WORK INSTRUCTION: A verbatim transcription of the listing below is required, without its pictures.

RECORDS SUPPLIED:
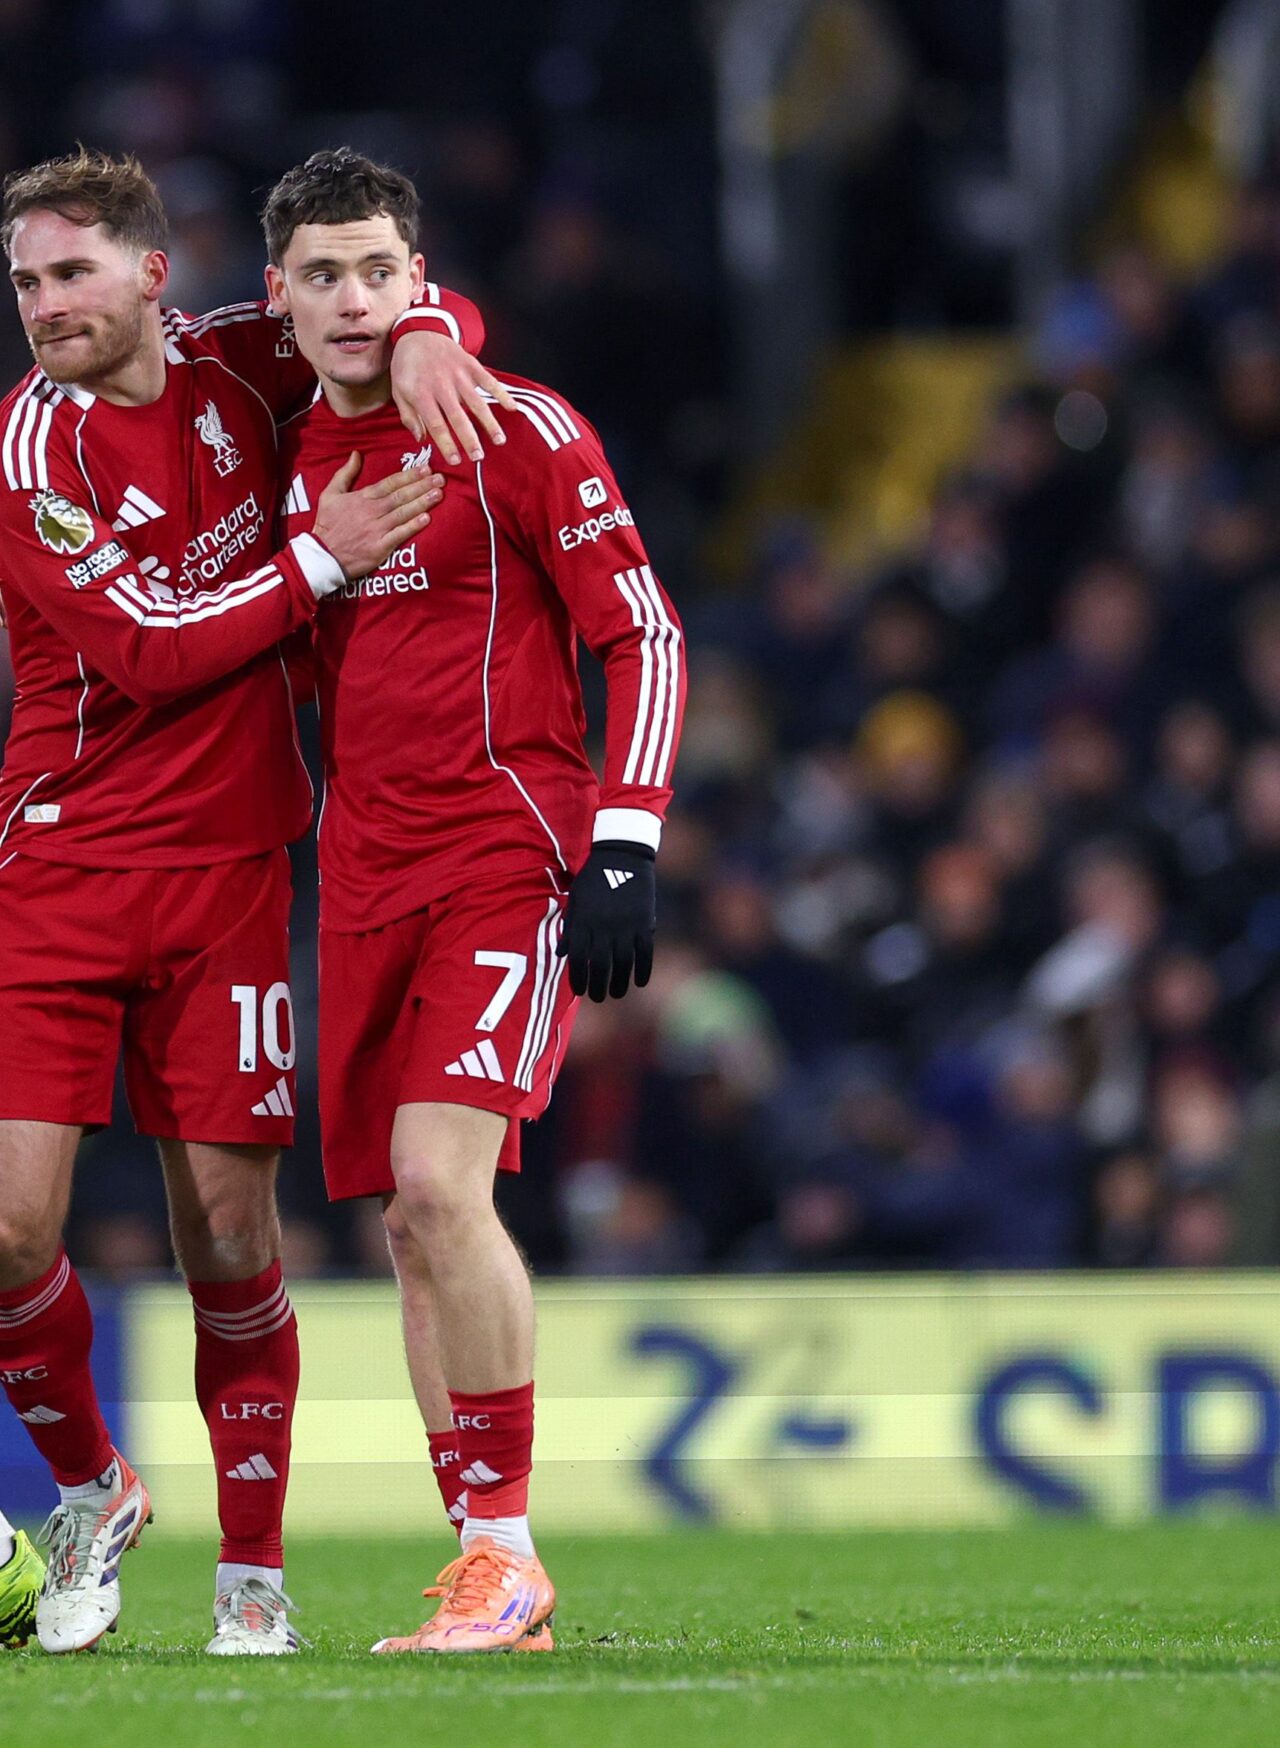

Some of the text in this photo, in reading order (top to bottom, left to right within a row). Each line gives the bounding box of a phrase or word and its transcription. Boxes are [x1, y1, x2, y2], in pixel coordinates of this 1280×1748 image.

[181, 492, 259, 568] andard
[65, 542, 120, 580] No room
[72, 549, 129, 589] for racism
[326, 567, 429, 600] artered
[474, 950, 527, 1032] 7
[231, 981, 296, 1072] 10
[221, 1403, 283, 1419] LFC

RESULT FOR THIS TASK:
Some of the text in this photo, in reading order (top to bottom, left to right within a row). Each line gives the bounding box of a phrase or word and its transcription. Boxes are [x1, y1, x2, y2], in pixel coordinates of this 1280×1748 image.

[181, 492, 259, 568] andard
[65, 542, 120, 580] No room
[72, 549, 129, 589] for racism
[326, 567, 429, 600] artered
[474, 950, 527, 1032] 7
[231, 981, 296, 1072] 10
[221, 1403, 283, 1419] LFC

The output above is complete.